ABOUT THIS EXERCISE -
Print each record that follows exactly, leaving the pictures behind.

* * * *

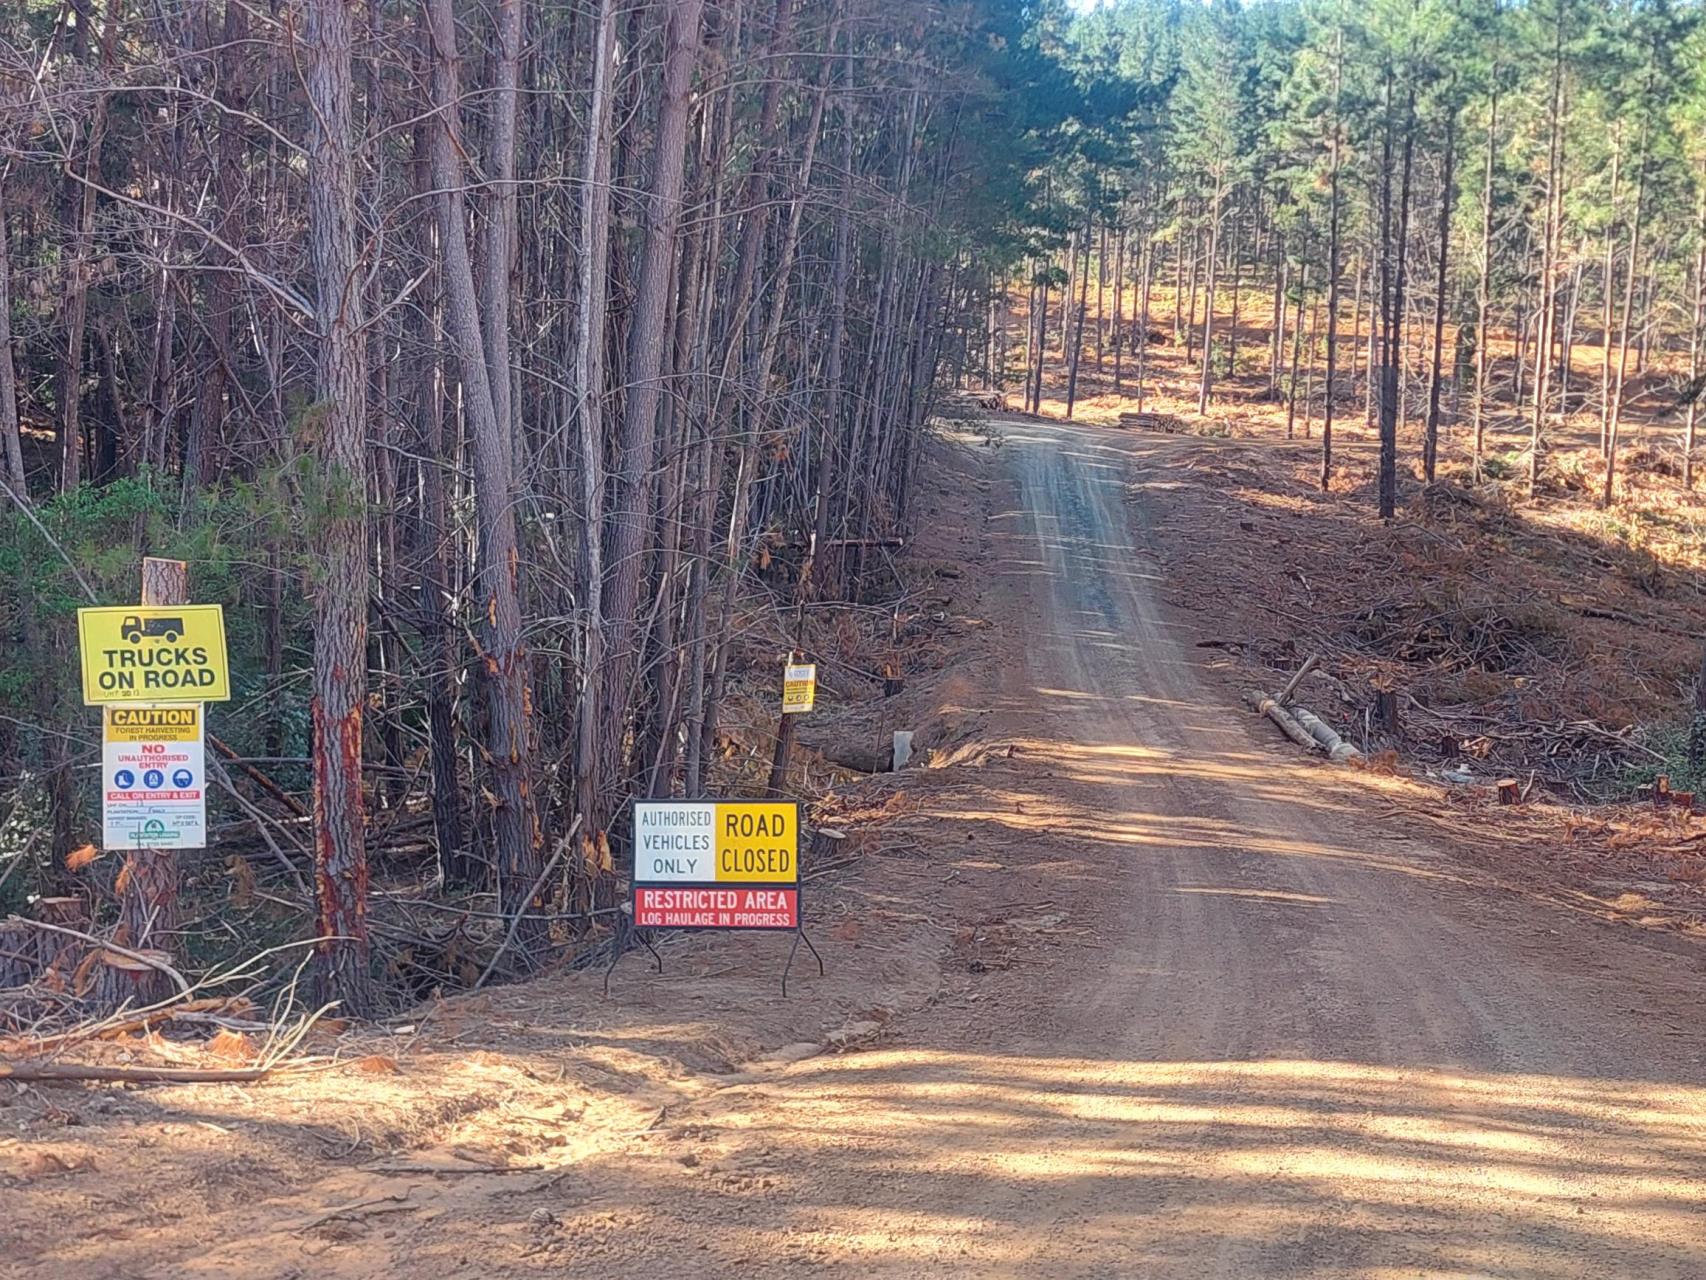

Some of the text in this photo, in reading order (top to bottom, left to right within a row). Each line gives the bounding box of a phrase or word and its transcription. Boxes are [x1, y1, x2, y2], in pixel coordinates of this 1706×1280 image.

[102, 647, 208, 668] TRUCKS
[98, 668, 215, 689] ON ROAD
[114, 710, 192, 724] CAUTION
[145, 726, 191, 734] HARVESTING
[141, 744, 165, 753] NO
[117, 754, 189, 762] UNAUTHORISED
[110, 792, 131, 800] CALL
[145, 791, 171, 799] ENTRY
[179, 791, 198, 799] EXIT
[642, 811, 711, 826] AUTHORISED
[726, 814, 785, 837] ROAD
[643, 835, 710, 850] VEHICLES
[653, 859, 698, 873] ONLY
[722, 849, 790, 872] CLOSED
[644, 891, 788, 909] RESTRICTED AREA
[641, 913, 790, 926] LOG HAULAGE IN PROGRESS

* * * *

RESPONSE TO THE TASK -
Some of the text in this photo, in reading order (top to bottom, left to right within a row). Each line gives the bounding box of a phrase or word and its transcription. Boxes are [x1, y1, x2, y2], in pixel coordinates of this 1706×1280 image.

[102, 647, 208, 668] TRUCKS
[98, 668, 215, 689] ON ROAD
[114, 710, 192, 724] CAUTION
[145, 726, 191, 734] HARVESTING
[141, 744, 165, 753] NO
[117, 754, 189, 762] UNAUTHORISED
[110, 792, 131, 800] CALL
[145, 791, 171, 799] ENTRY
[179, 791, 198, 799] EXIT
[642, 811, 711, 826] AUTHORISED
[726, 814, 785, 837] ROAD
[643, 835, 710, 850] VEHICLES
[653, 859, 698, 873] ONLY
[722, 849, 790, 872] CLOSED
[644, 891, 788, 909] RESTRICTED AREA
[641, 913, 790, 926] LOG HAULAGE IN PROGRESS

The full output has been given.